My Wicked Wicked Ways concludes with The Rodrigo Poems. It is unfortunate that “unforgettable” has become a trite term, for these poems truly are. Every woman has a Rodrigo in her life. But few of us can wring art from our grief as Cisneros has, here.
The story begins domestically: “A woman cutting celery.” Not fixing the car, or oiling her shotgun. Nope, this woman is in the kitchen, and she’s waiting. From there, “we are a zoo” (“Valparaiso”). She is a “middle-of-the-week wife” (“For All Tuesday Travelers”), who is wondering about the other wives, the legally wedded ones. Rodrigo has had two, who have mysteriously gathered their possessions and “vamoosed” (“No Mercy”).
Ever the domestic poet, Cisneros makes reference to housecleaning as ritual, here and in the collection, Loose Woman. In “Rodrigo Returns to the Land and Linen Celebrates”, said linen is “dizzy” and “puffed”. Deflation is certain. It arrives with “Monsieur Mon Ami”, when Rodrigo announces his departure. He offers no explanation.
The truth is devastating yet prosaic: a wife. The next poem, entitled “Drought”, signifies the beginning of the end, the time, Nora Ephron famously wrote, when she craved mashed potatoes. Cisneros isn’t so lighthearted.
My Wicked Wicked Ways closes with “Tantas Cosas Asustan, Tantas”, which is untranslated. In Border Crossings and Beyond: The Life and Works of Sandra Cisneros, author Carmen Haydée Rivera translates the title as “so many things frighten”, adding the poem’s genesis was a nightmare of Cisneros’. Rivera also notes Cisneros’ use of the word papalotes (kites) in the poem, signifying hope.
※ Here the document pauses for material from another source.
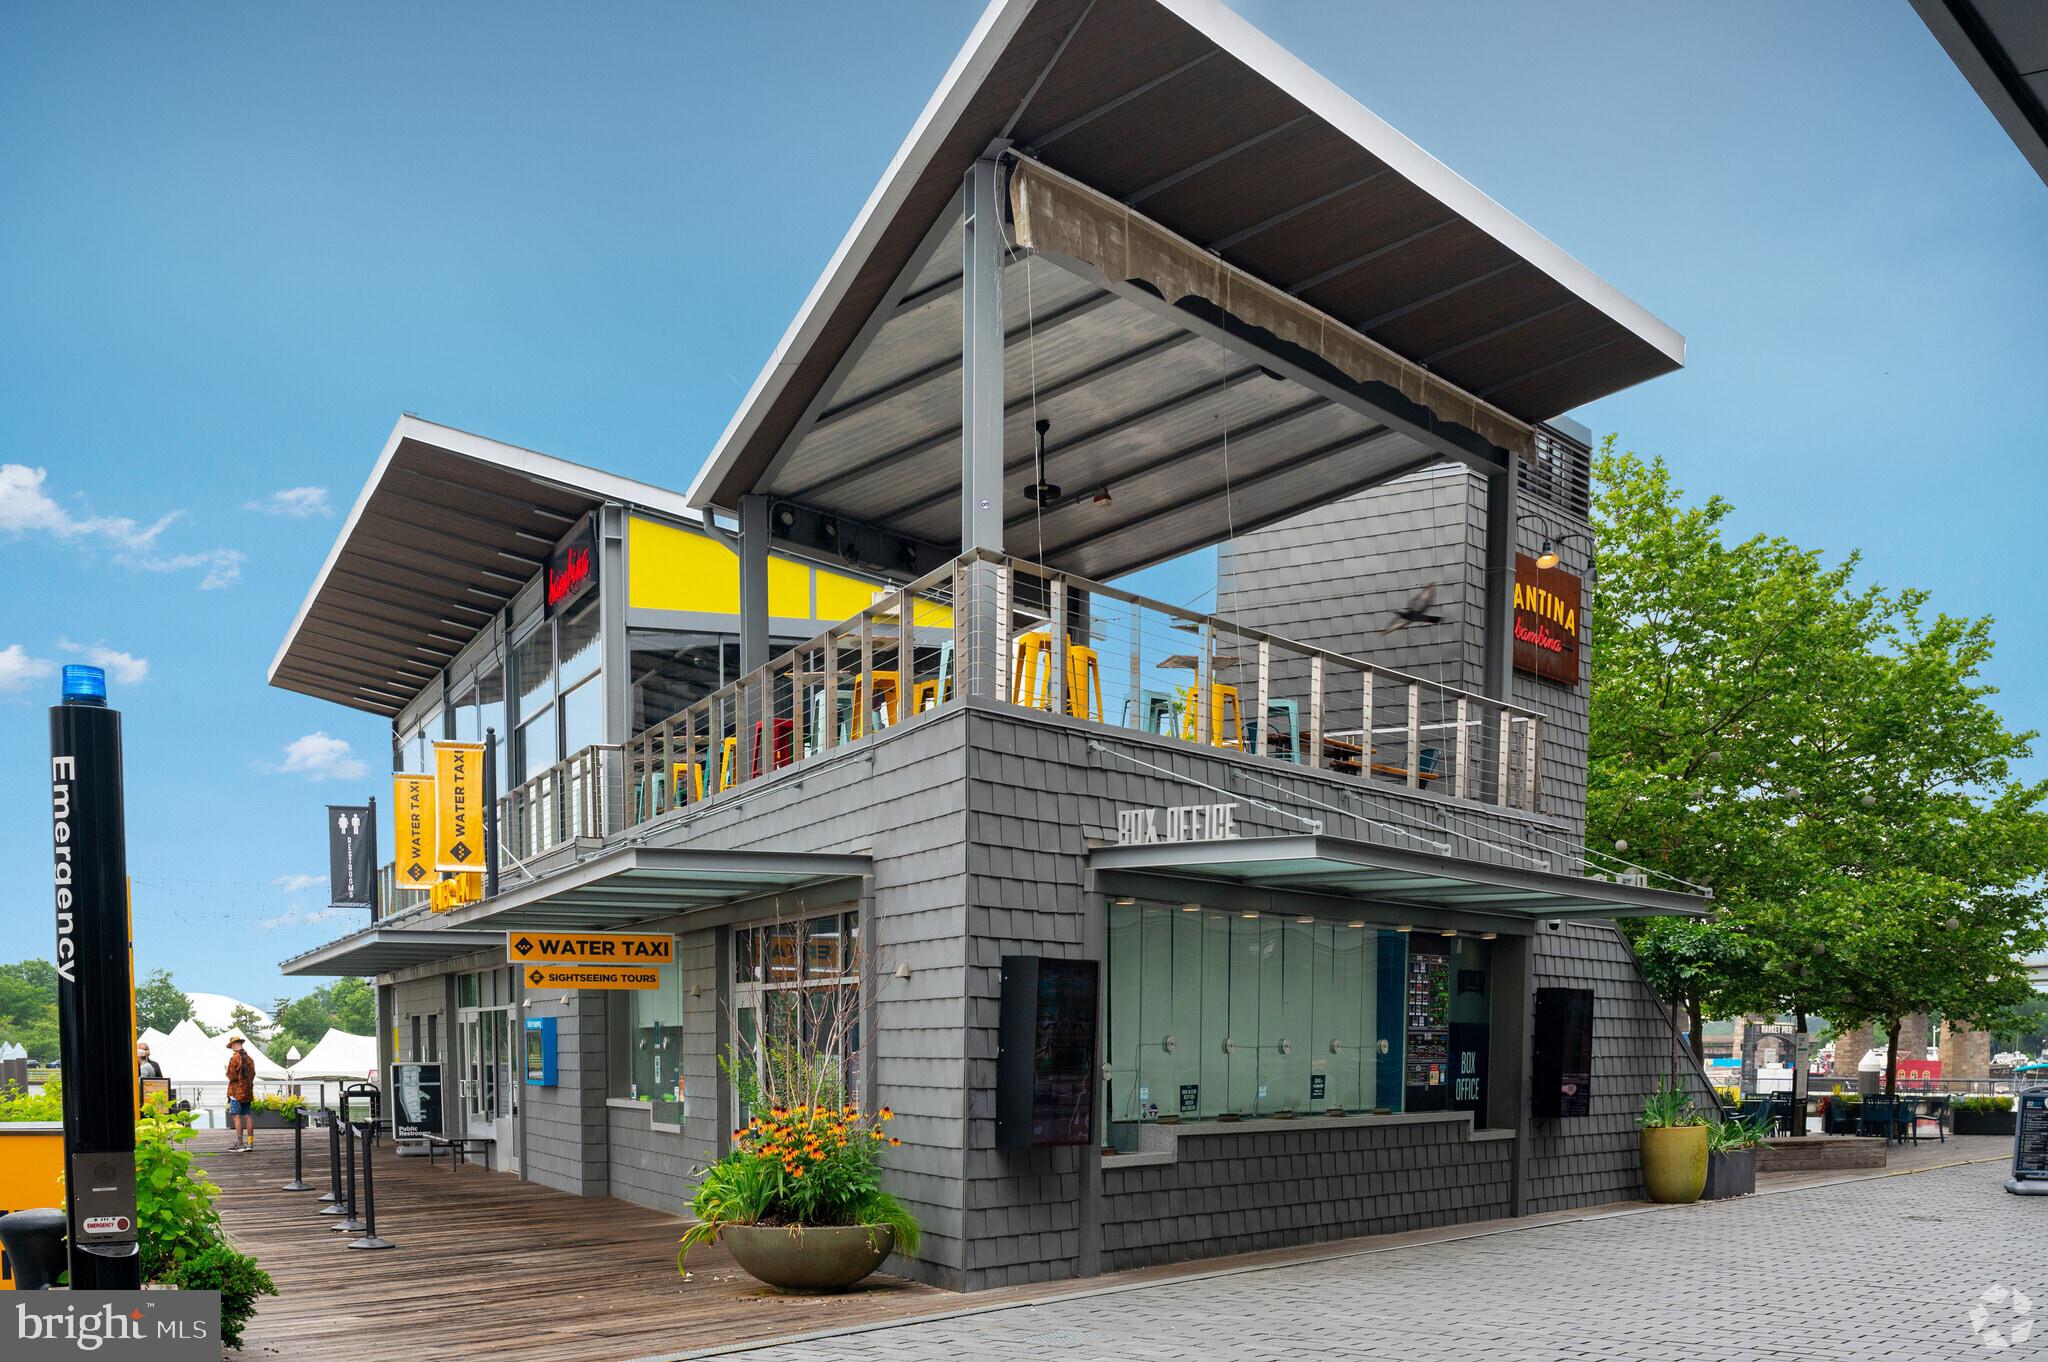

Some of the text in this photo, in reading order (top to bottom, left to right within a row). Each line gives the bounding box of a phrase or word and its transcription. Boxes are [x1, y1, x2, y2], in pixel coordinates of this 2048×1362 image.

Now 61, Cisneros hasn’t published a novel since 2002’s Caramelo. Nor has there been new poetry since 1994’s Loose Woman. Clearly she works in the vein of Eugenides and Tartt: Cisneros’s fans must wait. And wait. In October she will publish a book of essays, A House of My Own. Until then, we must content ourselves with rereading’s lesser pleasures.